VIENNA -- OPEC on Monday extended its deal to cut production for another nine months in an attempt to keep oil prices from sagging as the oil cartel faces a weakening outlook for global demand.

The decision among the members of the Organization of the Petroleum Exporting Countries came during a meeting at the cartel's headquarters in Vienna.

"The commitment to a nine-month extension is unequivocal, very solid, very strong" among OPEC members, said Saudi Arabia's Energy Minister Khalid Al-Falih. He said he expected nonmember producing countries Russia, Kazakhstan and Mexico to join in extending the cuts at a separate meeting today.

Russian President Vladimir Putin has already said he backs an extension.

The production curbs were announced after more than 10 hours of meetings. The talks were marred by hours of wrangling between Iran and other members over a charter to accept the nonmember producers.

Since OPEC joined forces in 2016 with the other producer nations, they have sought to establish an enduring basis for cooperation. But Iran has voiced unhappiness with the dominance that nonmember Russia and regional rival Saudi Arabia exert over OPEC policy.

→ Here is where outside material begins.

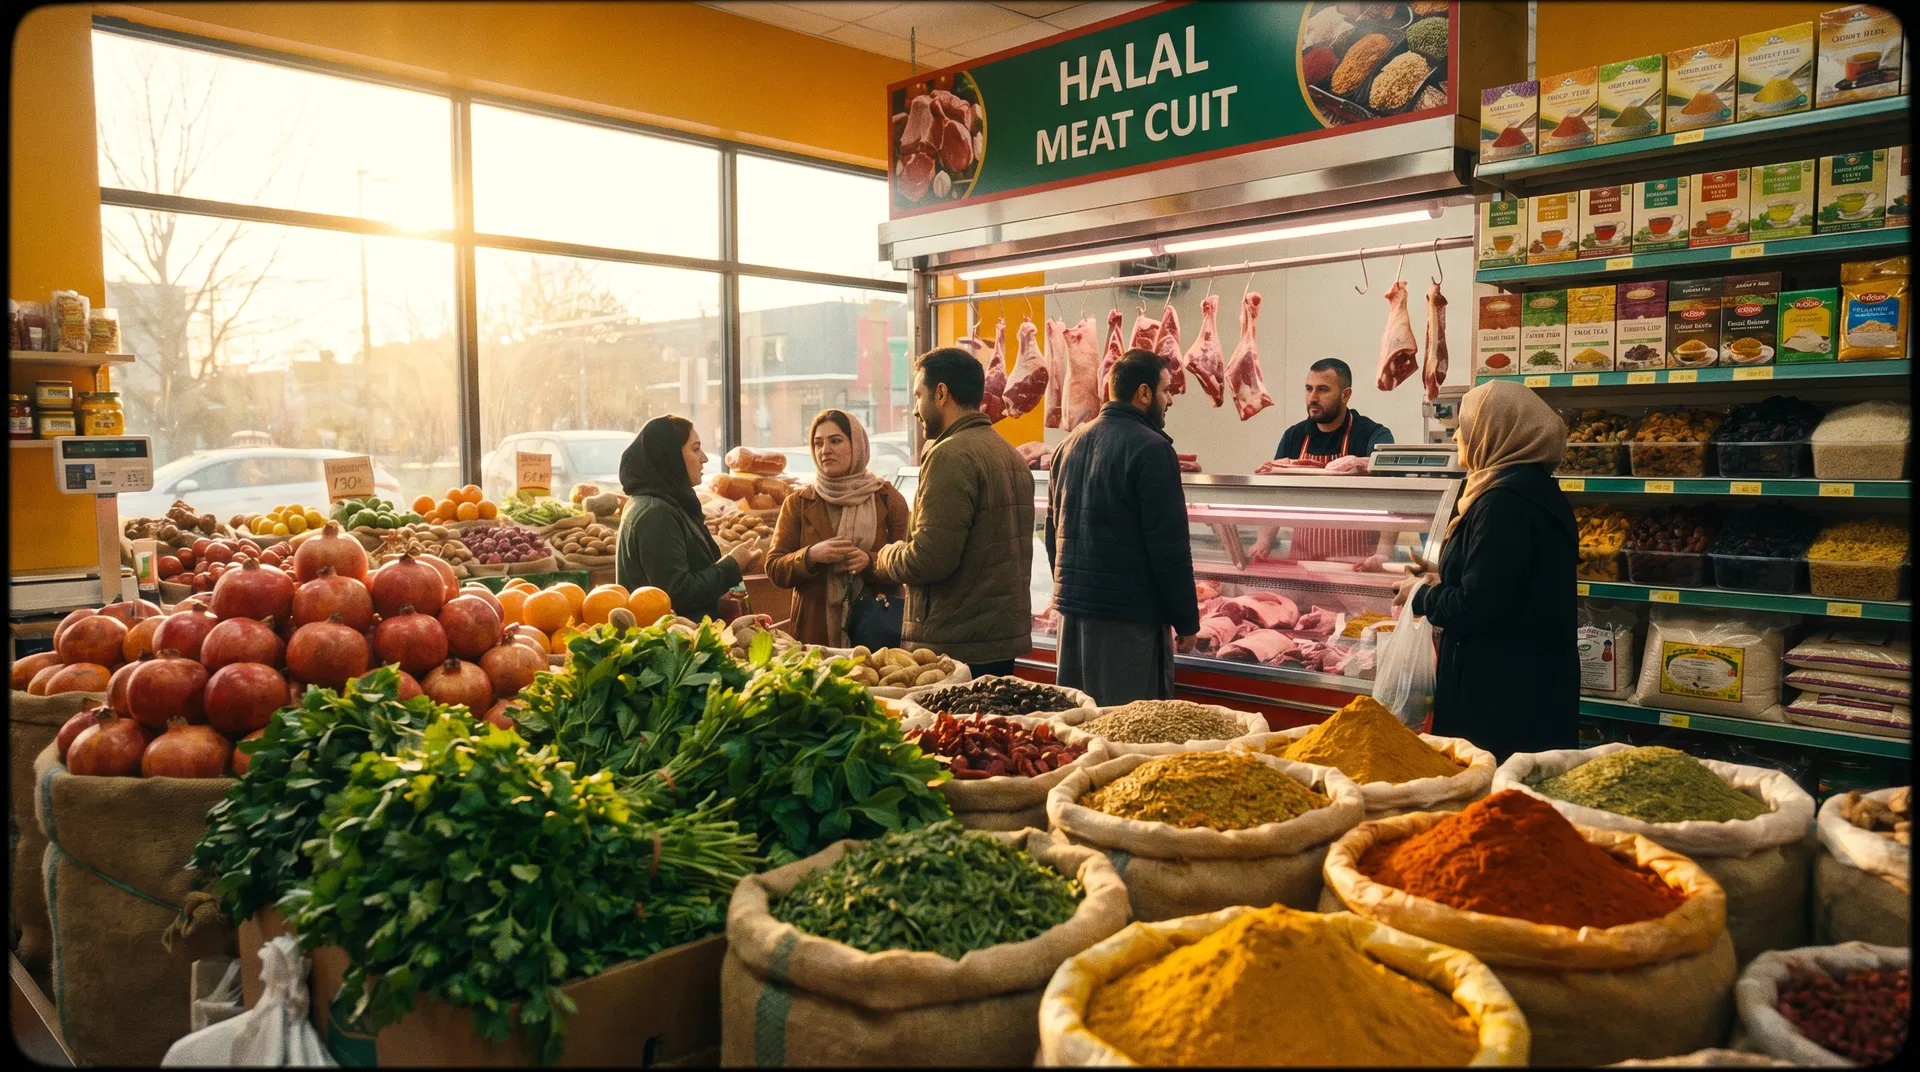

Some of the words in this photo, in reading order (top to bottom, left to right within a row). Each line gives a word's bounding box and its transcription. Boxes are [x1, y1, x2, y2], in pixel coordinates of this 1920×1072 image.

[1060, 25, 1209, 106] HALAL
[1036, 109, 1134, 165] MEAT
[1144, 85, 1238, 142] CUIT

The decision to extend production curbs through March comes as the International Energy Agency and other market watchers peg back forecasts for demand amid sluggish growth in China and India. At the same time, American shale production has set records, putting the U.S. on the brink of becoming a net oil exporter.

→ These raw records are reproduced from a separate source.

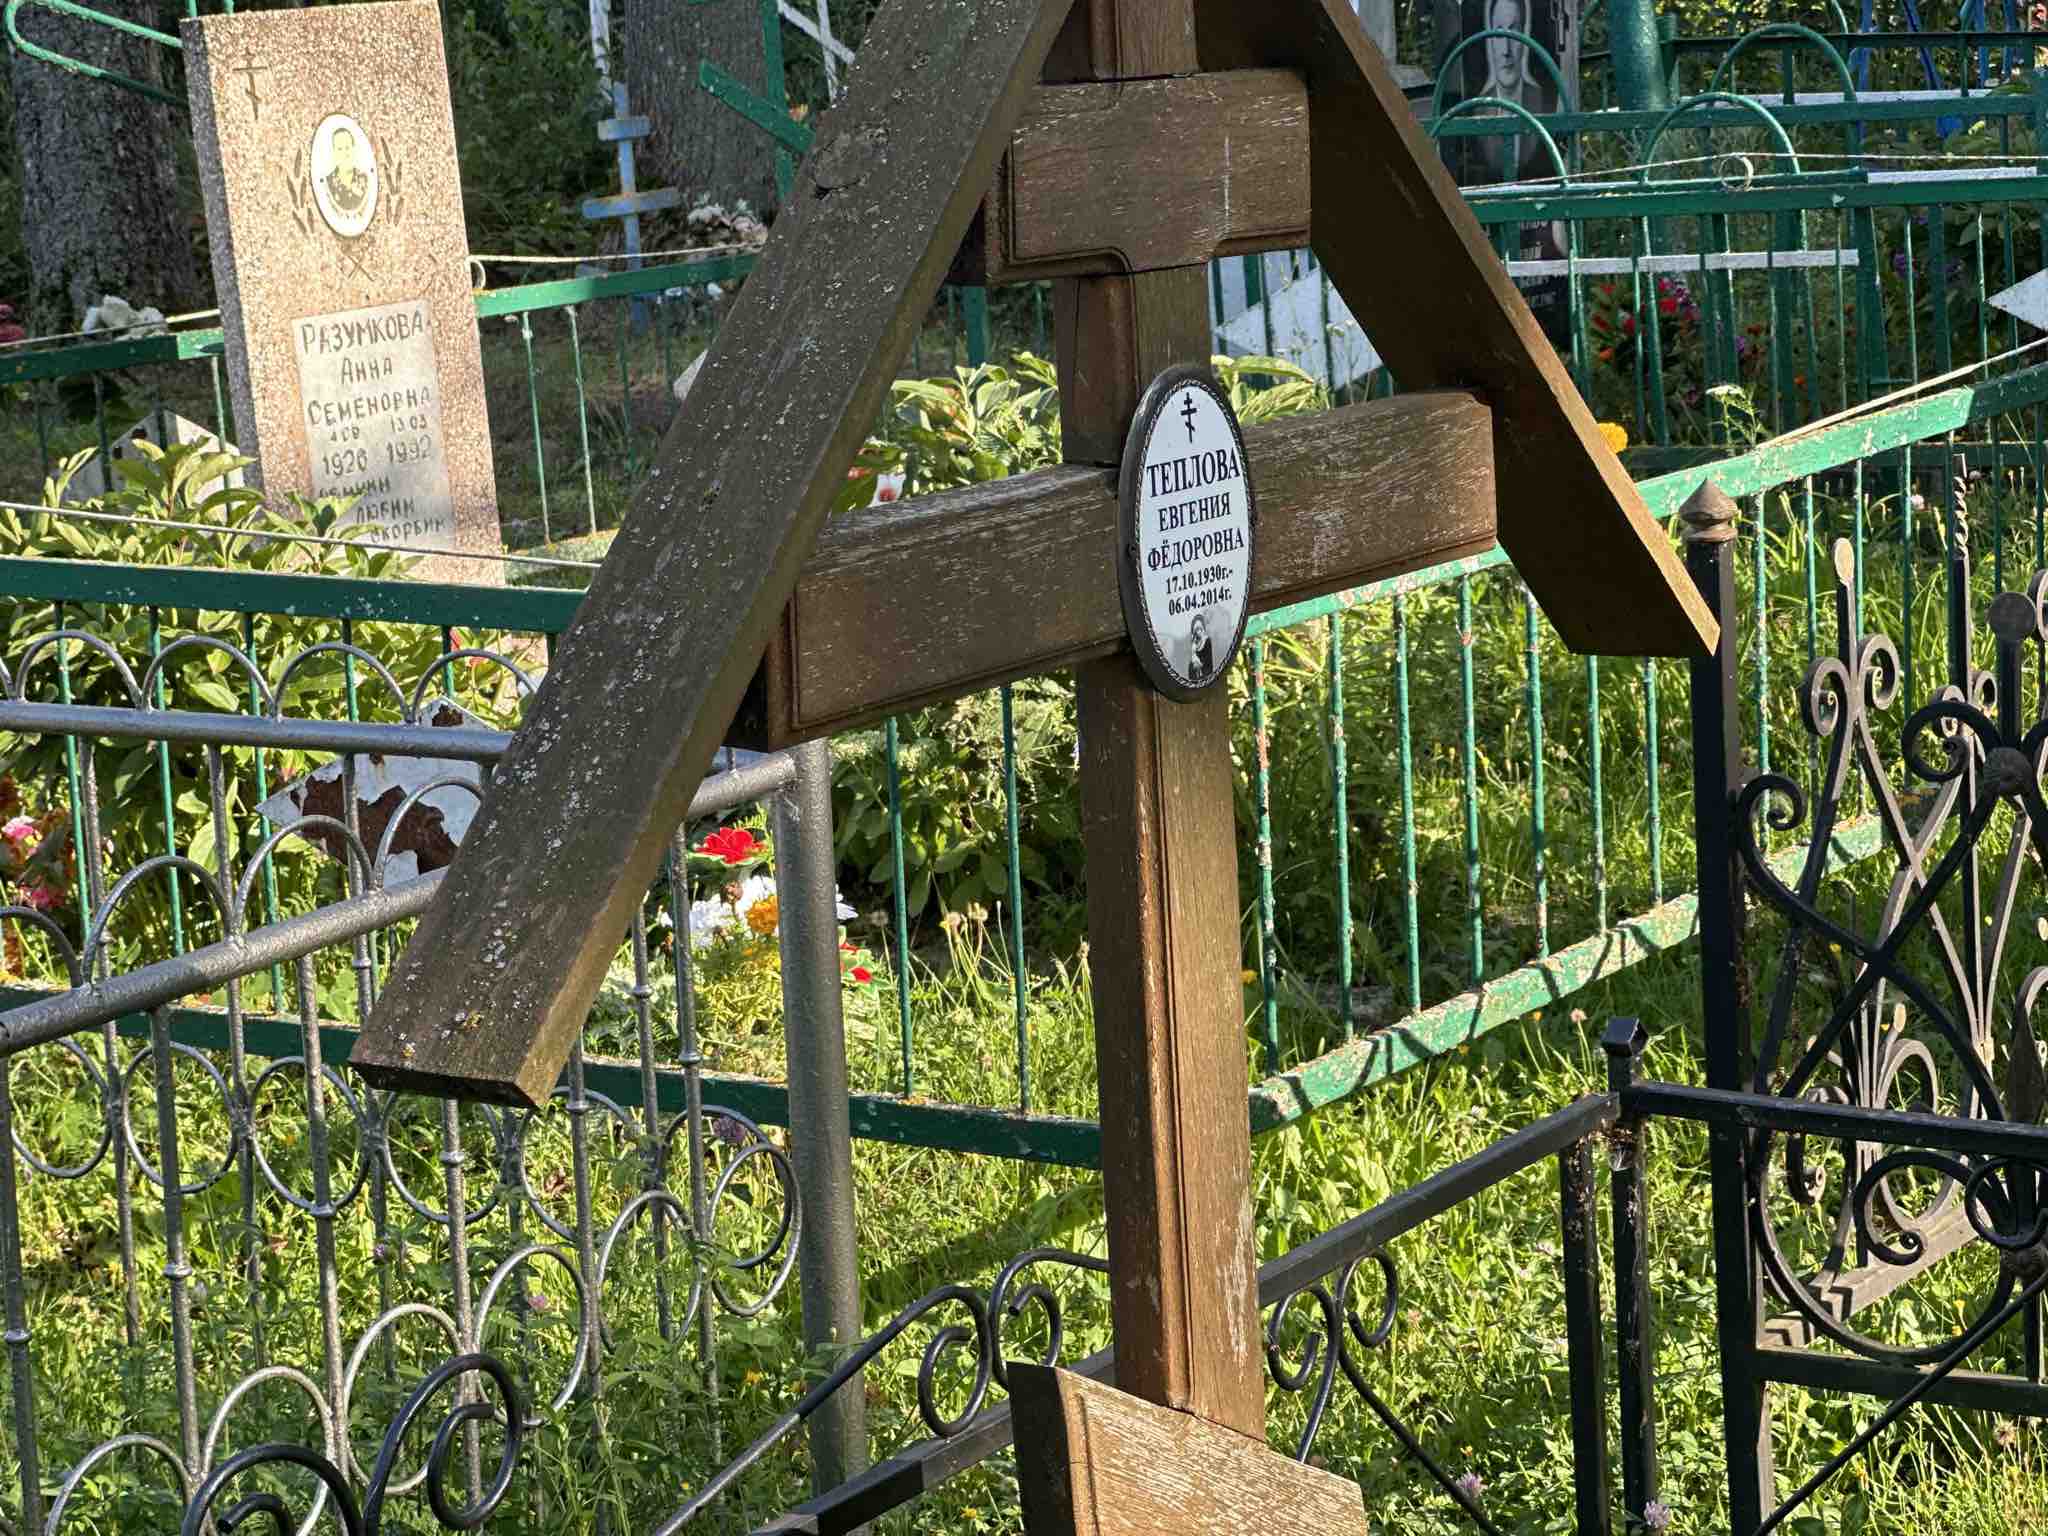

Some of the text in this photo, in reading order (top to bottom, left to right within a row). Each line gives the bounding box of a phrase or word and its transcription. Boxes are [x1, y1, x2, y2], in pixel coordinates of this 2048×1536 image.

[302, 310, 424, 354] РАЗУМКОВА
[341, 357, 393, 385] АННА
[308, 387, 431, 426] СЕМЕНОВНА
[1147, 448, 1240, 497] ТЕПЛОВА
[1158, 492, 1231, 531] ЕВГЕНИЯ
[1148, 528, 1244, 572] ФЁДОРОВНА
[1169, 586, 1232, 616] 06.04.2014г.

"The oil market is getting excited about the cut extension, but OPEC appears more and more worried about demand," said Andrew Dodson, founder of commodity hedge fund Philipp Oil.

The deal to throttle production by 1.2 million barrels per day started Jan. 1 and was only for the first half of this year. Most of the cuts came from OPEC nations, who agreed to reduce 800,000 barrels per day, with the rest of the cuts coming from Russia and other non-OPEC countries, though not from the United States. Production out of Venezuela, once one of the world's largest producers, has collapsed amid political turmoil there.

The OPEC cuts were aimed to put upward pressure on the price of oil and reduce oversupply.

Though tensions between the U.S. and Iran and attacks on tankers near the Strait of Hormuz have pushed up oil prices in recent days, there are concerns among members that over the longer term demand could weaken because of slower global growth. The International Energy Agency, a group of oil-consuming countries, cut its demand estimate earlier this month.

Experts say a military conflict between the U.S. and Iran would further constrain oil supply and send oil prices higher.

Yet the outlook for demand and prices has been weakening, not least because of the slowdown in the global economy partly as a result of trade tensions between the U.S. and China. That raises the prospect of lower oil demand and consequently lower prices.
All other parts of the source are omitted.